Assignment:
Could you output each line below precisely as it stands, without the images?
——————————
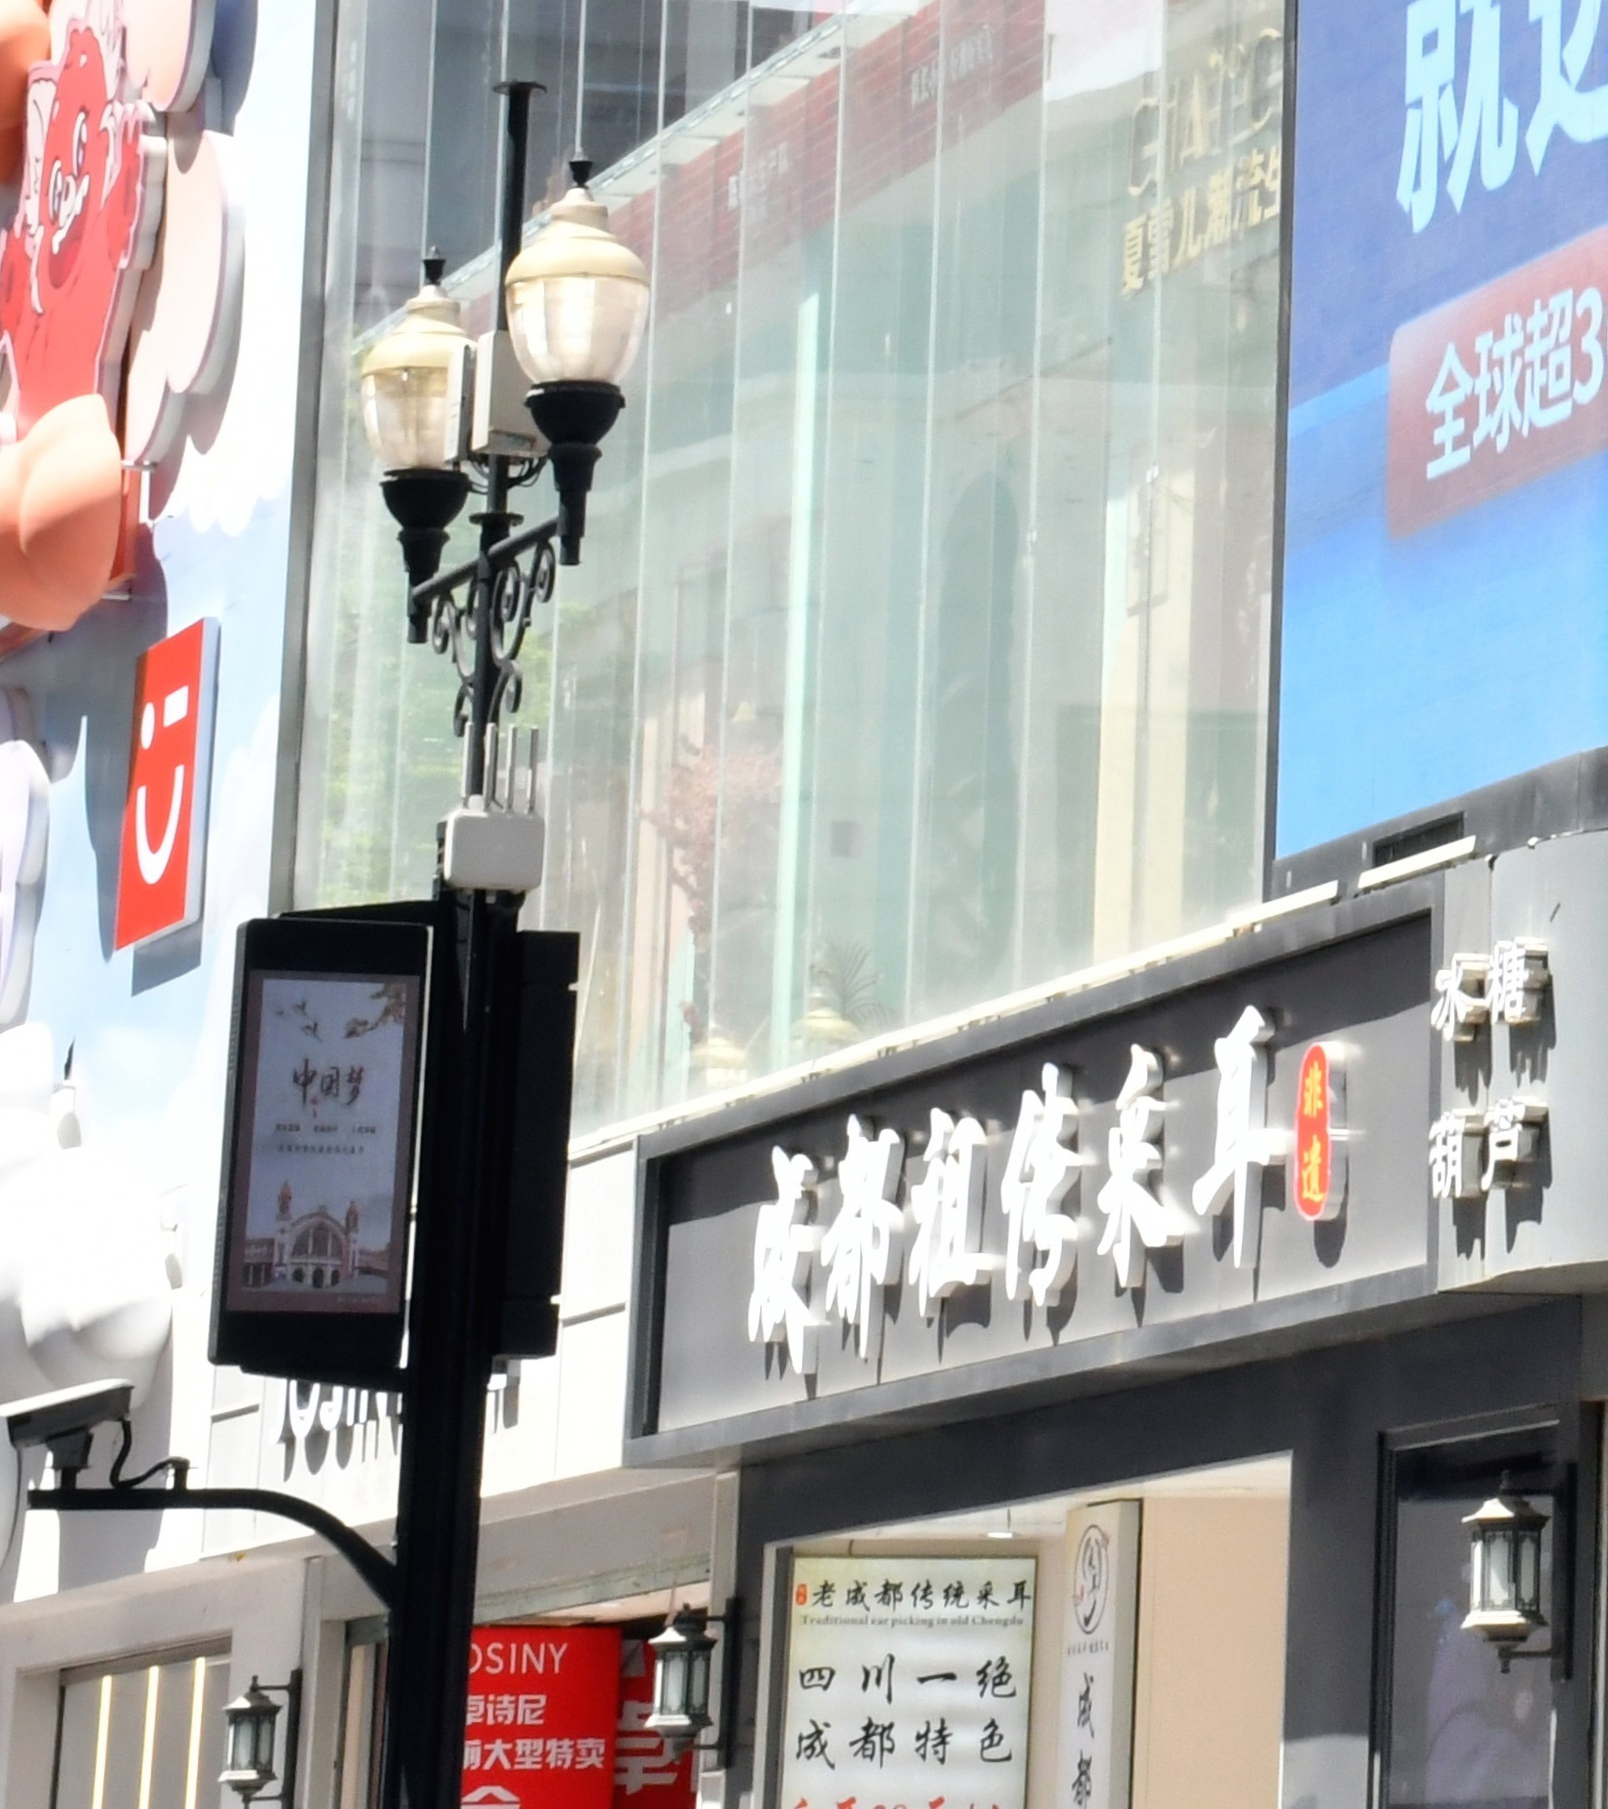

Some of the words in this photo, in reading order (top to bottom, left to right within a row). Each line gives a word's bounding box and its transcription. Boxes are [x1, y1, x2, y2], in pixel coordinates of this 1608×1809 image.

[292, 1058, 364, 1106] 中国梦
[812, 1579, 1032, 1612] 老成都传统采耳
[801, 1614, 868, 1626] Traditional
[871, 1617, 890, 1626] ear
[891, 1614, 935, 1629] picking
[936, 1615, 949, 1626] in
[950, 1615, 969, 1627] old
[971, 1615, 1024, 1628] Chengdu
[798, 1653, 1017, 1705] 四川一绝
[796, 1719, 1013, 1769] 成都特色
——————————
Task solution:
Some of the words in this photo, in reading order (top to bottom, left to right within a row). Each line gives a word's bounding box and its transcription. Boxes are [x1, y1, x2, y2], in pixel coordinates of this 1608×1809 image.

[292, 1058, 364, 1106] 中国梦
[812, 1579, 1032, 1612] 老成都传统采耳
[801, 1614, 868, 1626] Traditional
[871, 1617, 890, 1626] ear
[891, 1614, 935, 1629] picking
[936, 1615, 949, 1626] in
[950, 1615, 969, 1627] old
[971, 1615, 1024, 1628] Chengdu
[798, 1653, 1017, 1705] 四川一绝
[796, 1719, 1013, 1769] 成都特色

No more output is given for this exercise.